Он пропал так же неожиданно, как и появился. А возможно, он никуда и не пропадал, просто я теперь перестал его видеть. В первые минуты мне казалось, что вообще ничего этого не было. Никакого странного человека в белой рубашке с коротким рукавом, в белых брюках и в запыленных сандалиях на босу ногу.
Скорее всего, мне все это привиделось. Меня просто хватил солнечный удар, плюс еще все эти любовные переживания. Конечно же, привиделось, думал я тогда. Потому что если бы я рассказал об этом какому-нибудь священнику, он тут же обвинил бы меня в непомерной гордыне. Священники, которые ночами напролет молятся за людей — не видят его, а глупый мальчик, страдающей от не менее глупой, даже не юношеской, а почти что детской любви, шел рядом с ним по обочине Каширского шоссе и разговаривал. Да, у меня не было никаких материальных свидетельств подтверждающих реальность этого разговора. Никто кроме меня не видел этого человека в белом, который говорил мне о любви и о своем друге Петре, и том, что он забирает у меня то, что приносит радость и страдание одновременно. Забирает… Забрал.

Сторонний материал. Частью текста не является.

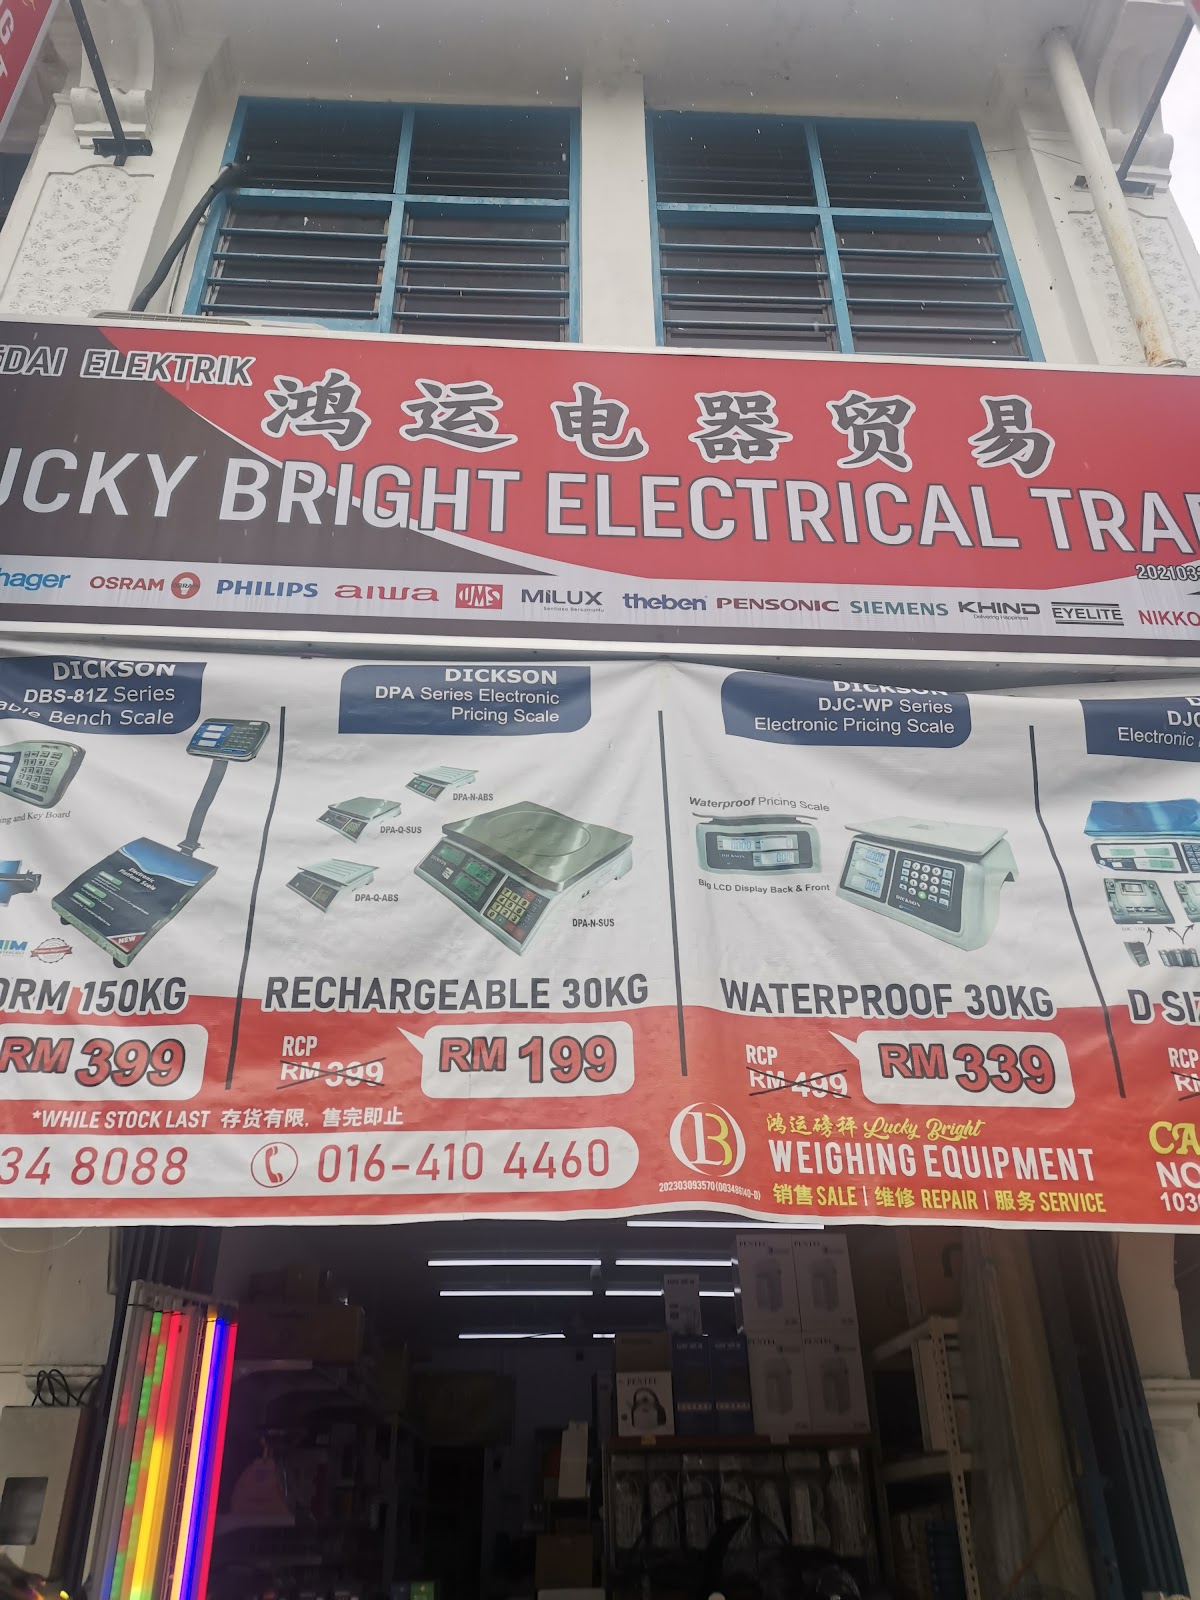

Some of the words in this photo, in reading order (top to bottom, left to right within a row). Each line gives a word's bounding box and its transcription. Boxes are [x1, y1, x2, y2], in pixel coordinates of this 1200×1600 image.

[80, 349, 256, 386] ELEKTRIK
[260, 368, 1055, 478] 鸿运电器贸易
[218, 457, 522, 534] BRIGHT
[546, 471, 1021, 550] ELECTRICAL
[0, 568, 71, 591] hager
[90, 576, 165, 592] OSRAM
[216, 579, 319, 598] PHILIPS
[334, 584, 439, 602] aiwa
[622, 593, 707, 611] theben
[716, 597, 840, 612] PENSONIC
[850, 600, 949, 616] SIEMENS
[958, 601, 1041, 615] KHIND
[1053, 607, 1123, 621] EYELITE
[53, 660, 176, 681] DICKSON
[444, 668, 557, 685] DICKSON
[23, 687, 108, 704] DBS-81Z
[114, 686, 176, 702] Series
[375, 686, 415, 700] DPA
[420, 687, 473, 702] Series
[479, 689, 561, 705] Electronic
[832, 680, 949, 696] DICK
[451, 706, 508, 724] Pricing
[513, 709, 560, 724] Scale
[818, 698, 893, 713] DJC-WP
[899, 699, 953, 715] Series
[48, 710, 111, 726] Bench
[120, 709, 174, 725] Scale
[754, 716, 839, 732] Electronic
[843, 717, 902, 736] Pricing
[906, 718, 955, 734] Scale
[1117, 726, 1195, 747] Electronic
[452, 793, 494, 802] DPA-N-ABS
[689, 796, 755, 810] Waterproof
[758, 796, 797, 809] Pricing
[799, 801, 830, 812] Scale
[13, 813, 26, 823] and
[28, 811, 44, 821] Key
[45, 811, 71, 819] Board
[380, 825, 422, 835] DPA-Q-SUS
[698, 878, 712, 890] Big
[713, 883, 732, 892] LCD
[735, 884, 768, 894] Display
[770, 885, 793, 893] Back
[795, 884, 803, 893] &
[805, 883, 831, 891] Front
[354, 893, 399, 903] DPA-Q-ABS
[572, 918, 615, 928] DPA-N-SUS
[118, 935, 137, 944] NEW
[81, 976, 186, 1014] 150KG
[265, 975, 550, 1011] RECHARGEABLE
[562, 973, 649, 1009] 30KG
[720, 977, 952, 1016] WATERPROOF
[964, 983, 1054, 1018] 30KG
[1127, 989, 1152, 1021] D
[282, 1035, 318, 1057] RCP
[745, 1044, 778, 1066] RCP
[0, 1036, 75, 1074] RM
[75, 1038, 187, 1088] 399
[440, 1036, 506, 1072] RM
[517, 1035, 618, 1084] 199
[1167, 1047, 1200, 1069] RCP
[280, 1060, 321, 1081] RM
[324, 1061, 385, 1088] 399
[878, 1042, 949, 1080] RM
[953, 1043, 1056, 1095] 339
[748, 1068, 786, 1089] RM
[791, 1070, 848, 1099] 499
[104, 1110, 163, 1129] STOCK
[165, 1110, 211, 1128] LAST
[321, 1106, 404, 1128] 售完即止
[863, 1116, 921, 1140] Lucky
[925, 1117, 986, 1142] Bright
[0, 1146, 51, 1186] 34
[71, 1146, 188, 1186] 8088
[318, 1141, 484, 1183] 016-410
[503, 1139, 610, 1180] 4460
[768, 1139, 916, 1177] WEIGHING
[925, 1144, 1095, 1182] EQUIPMENT
[773, 1183, 814, 1207] 销售
[816, 1186, 857, 1206] SALE
[874, 1187, 915, 1209] 维修
[921, 1189, 979, 1211] REPAIR
[996, 1189, 1035, 1212] 服务
[1040, 1191, 1107, 1214] SERVICE
[1160, 1191, 1200, 1212] 103

И тогда я остановился как вкопанный и прислушался к своим ощущениям. И мгновенная, страшная, опустошающая сознание ясность понимания того, что мир для меня изменился, перевернуло все во мне, и я присел на корточки, и обхватил руками голову, и часто задышал. Мир изменился, и он теперь никогда не будет для меня прежним. Это вся та же планета Земля, это все те же город Москва и Каширское шоссе, по которому с гулом проносятся машины, обдавая обочину смрадом выхлопа и пылью. Но в то же время это был совсем другой мир, потому что в нем для меня теперь не было того волнующего, щемящего чувства, которое последний год приносило безумный восторг и радость, а в последний день — оглушительную, дикую боль, терпеть которую уже не было сил.
Теперь в моей душе была холодная, словно поверхность заледеневшей на морозе реки, ясность, ясность и понимание того, что я теперь по-другому смотрю на мир. Я огляделся по сторонам. Мир не утратил прежних красок, звуков и запахов, но в то же время он был каким-то холодным, блестящим и ярким, как снег, искрящийся на зимнем солнце. И мне стало одновременно легко и грустно оттого, что боли, любовной агонии в моем сердце больше нет, но я не знал пока, как буду жить с этим дальше, что меня ждет.

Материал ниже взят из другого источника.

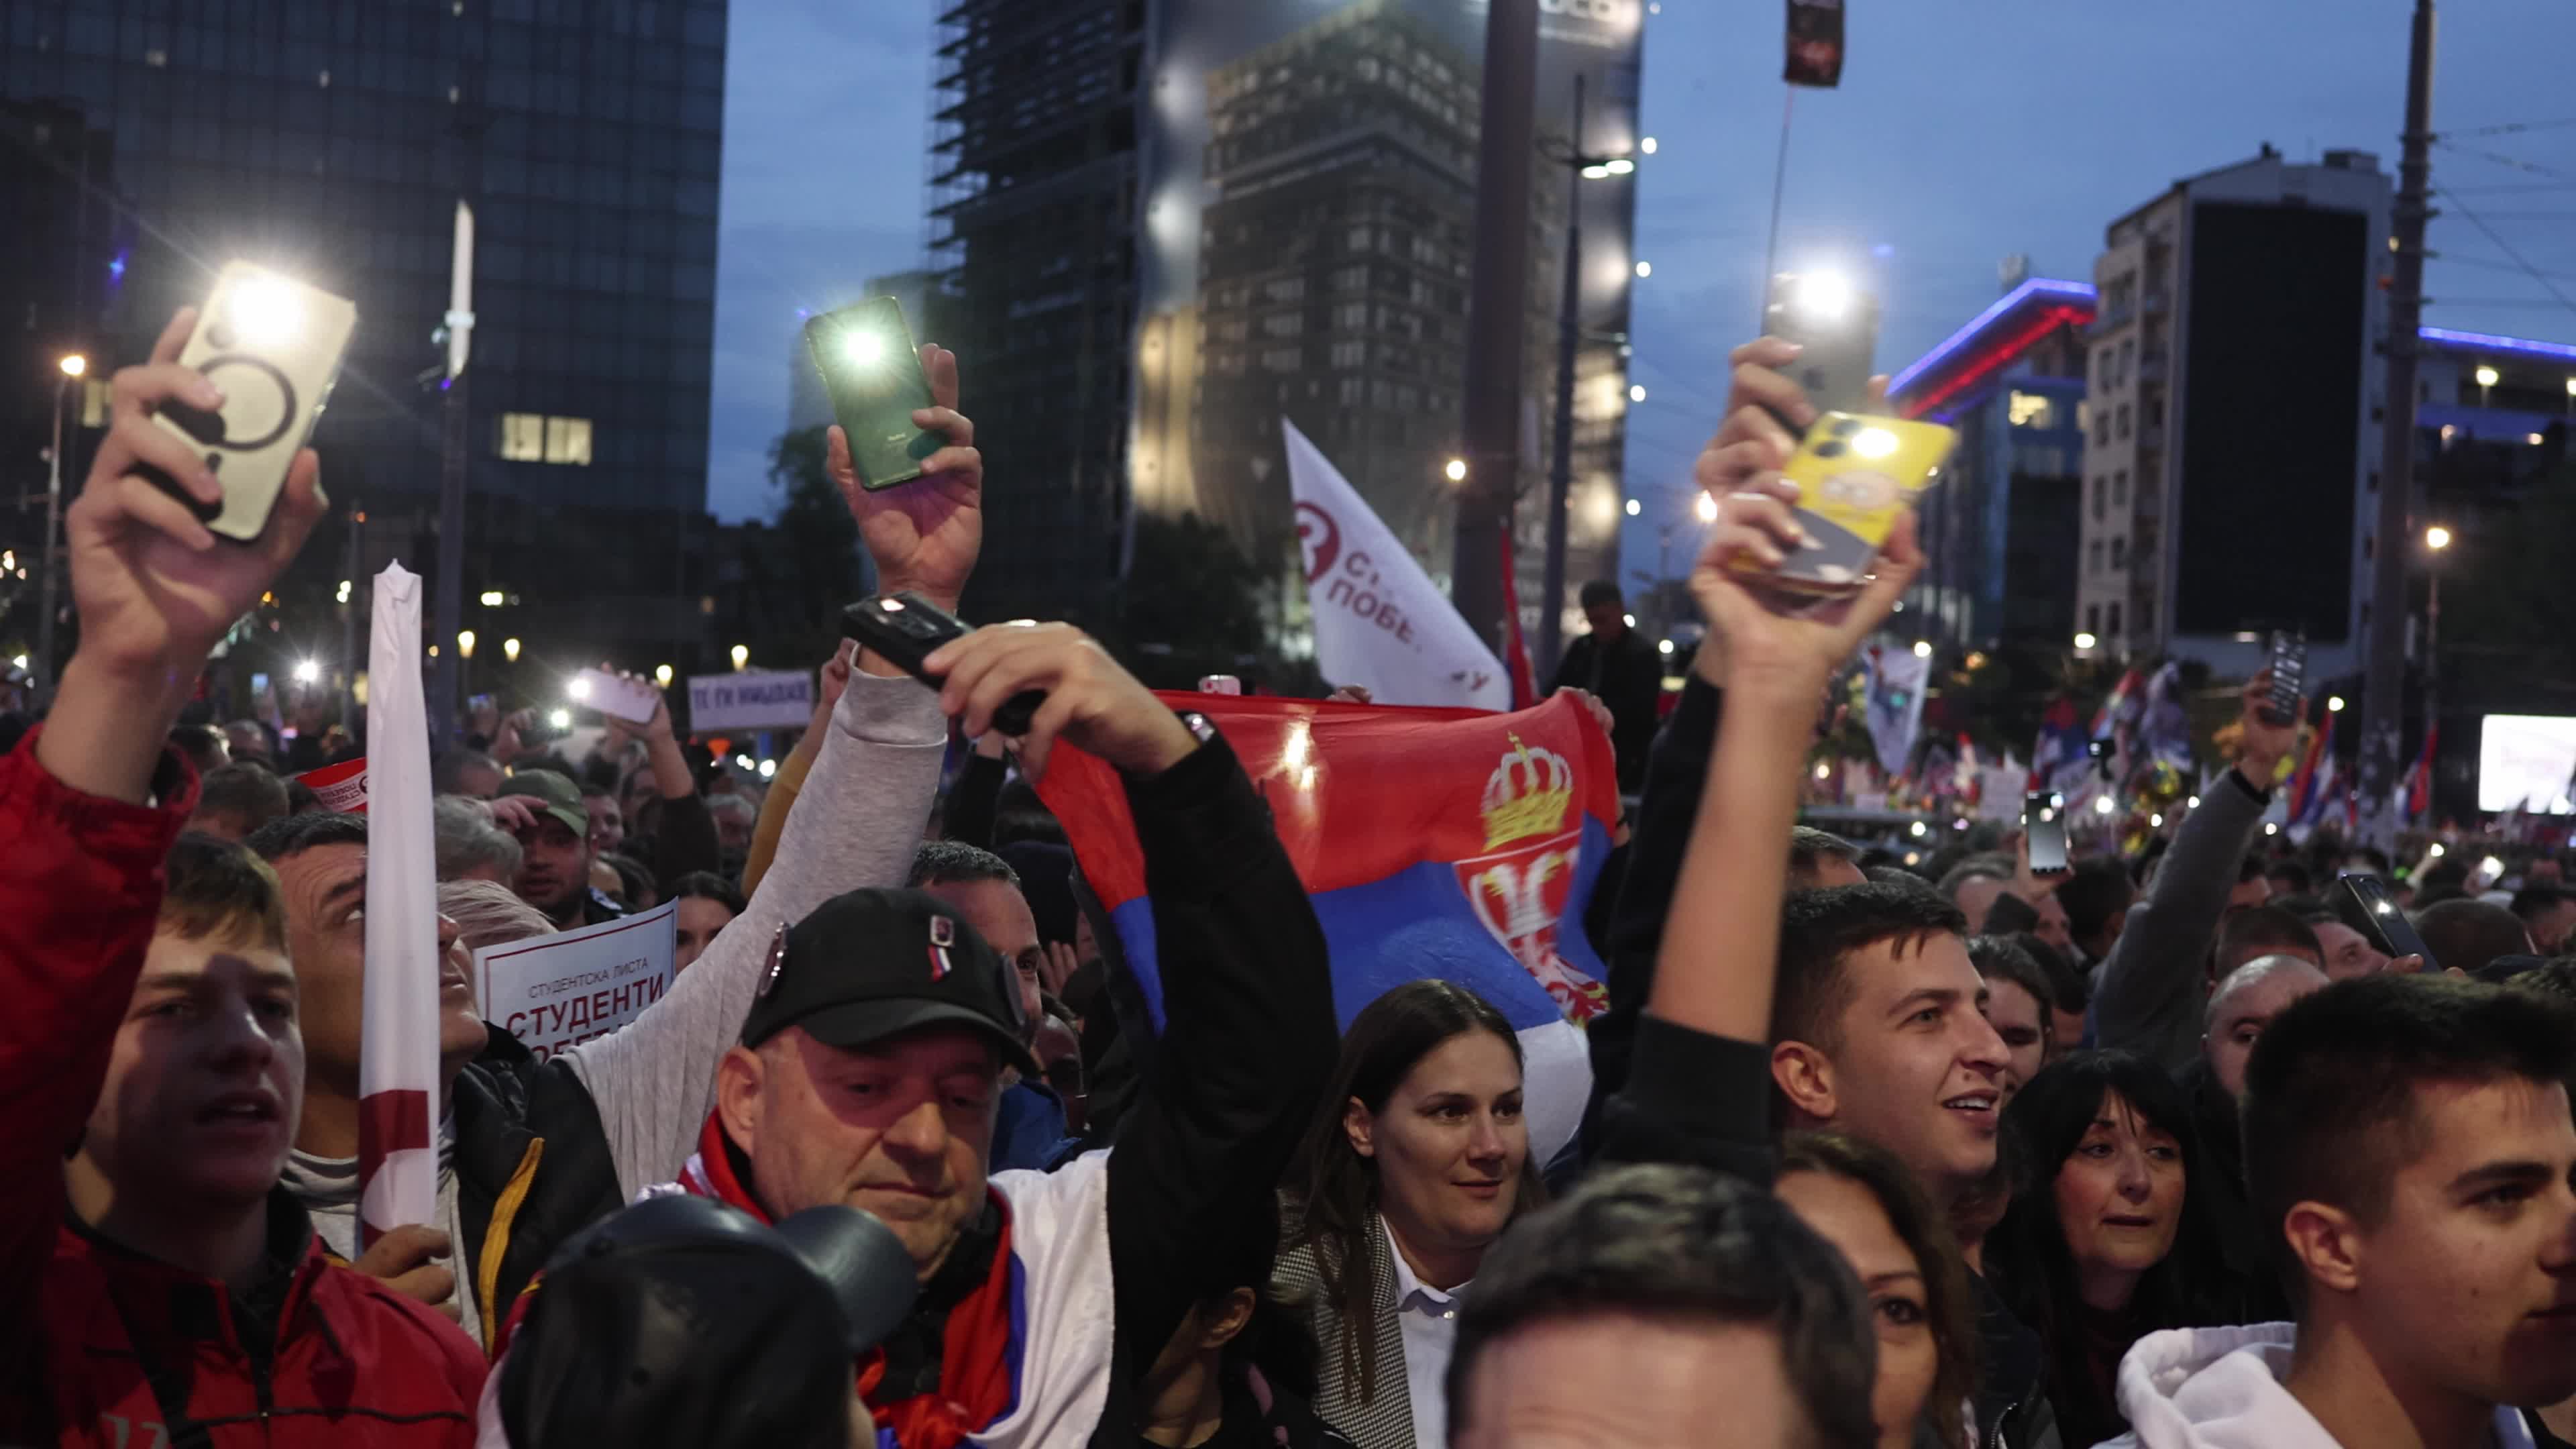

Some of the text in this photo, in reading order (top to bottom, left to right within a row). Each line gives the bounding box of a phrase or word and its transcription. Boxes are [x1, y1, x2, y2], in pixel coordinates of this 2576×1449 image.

[506, 971, 663, 1039] СТУДЕНТИ
[528, 957, 649, 999] СТУДЕНТСКА ЛИСТА

Я чувствовал сильное внутреннее опустошение и легкость одновременно. Но это была какая-то обманчивая, пугающая легкость. С такой легкостью обычно прыгают из окна, поднимаются во весь рост из окопа со связкой гранат, и в то же время с этой легкостью проходят равнодушно мимо чужой боли. Я не стал ненавидеть и презирать мир, я не стал равнодушным, я по-прежнему любил этот мир и эту жизнь, но это была какая-то иная любовь. И была ли это любовь или же просто холодное понимание того, что мне здесь жить, что мне это все просто может пригодиться для моего существования. А любви больше нет. Нет и не будет никогда. Я не стал ломать голову, просто шел вперед и был тогда рад только одному — что это страшная агония кончилась и этой страшной, готовой разорвать меня на части любви больше нет.
Я решил, что если и дальше буду погружаться в такие глубокие рассуждения, то голова пойдет кругом и я вообще потеряю чувство реальности. И я решил просто оглядеться по сторонам, понять, где нахожусь и куда идти дальше. Едва я заставил свое сознание работать на более или менее адекватное восприятие окружающего мира, как тут же понял, что это у меня получается легко и непринужденно.

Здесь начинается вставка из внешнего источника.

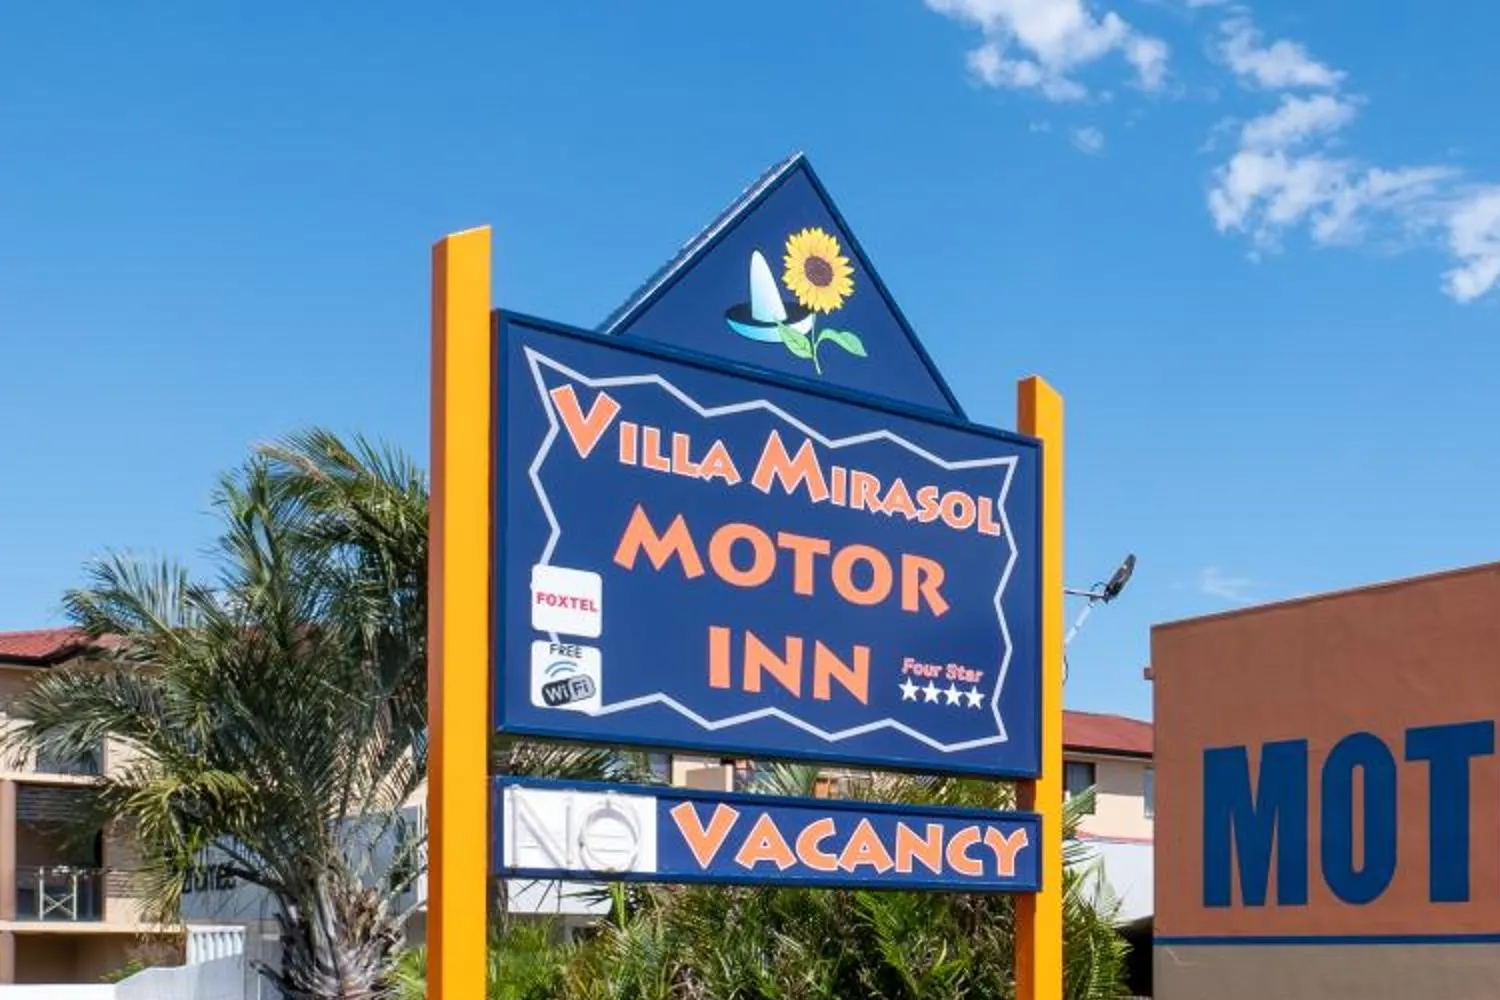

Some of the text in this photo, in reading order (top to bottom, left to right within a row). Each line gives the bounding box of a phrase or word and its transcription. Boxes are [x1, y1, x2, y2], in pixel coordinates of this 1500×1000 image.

[550, 384, 1001, 537] VILLA MIRASOL
[612, 503, 951, 617] MOTOR
[536, 591, 599, 613] FOXTEL
[549, 643, 583, 659] FREE
[708, 625, 870, 705] INN
[902, 657, 984, 683] Four Star
[508, 785, 1028, 877] NO VACANCY

Оказалось, что я отмахал огромное расстояние, которое навряд ли в здравом уме решился бы пройти ранее. Через минут десять-пятнадцать быстрого шага я подошел к метро Каширское. Я пытался сообразить, что мне теперь делать дальше. Я ясно понял, что прежний жизненный оптимизм вернулся ко мне, едва прошла любовная агония. На секунду меня даже посетила странная мысль о том, что это странное видение молодого человека в белом было не чем иным, как защитной реакцией моей психики против сильного стресса, который мог привести к безумию. И поэтому мое сознание сыграло со мной в некую игру и просто убедило меня в том, что любовь была забрана у меня мистическим образом. Дойдя до входа в метро, я тщательно обдумал эту версию и пришел к выводу, что она так же логична, как и все прочие версии, но все же имеет один недостаток — ее никак нельзя проверить. И я, в который раз пообещав себе не ломать понапрасну голову, вошел в метро.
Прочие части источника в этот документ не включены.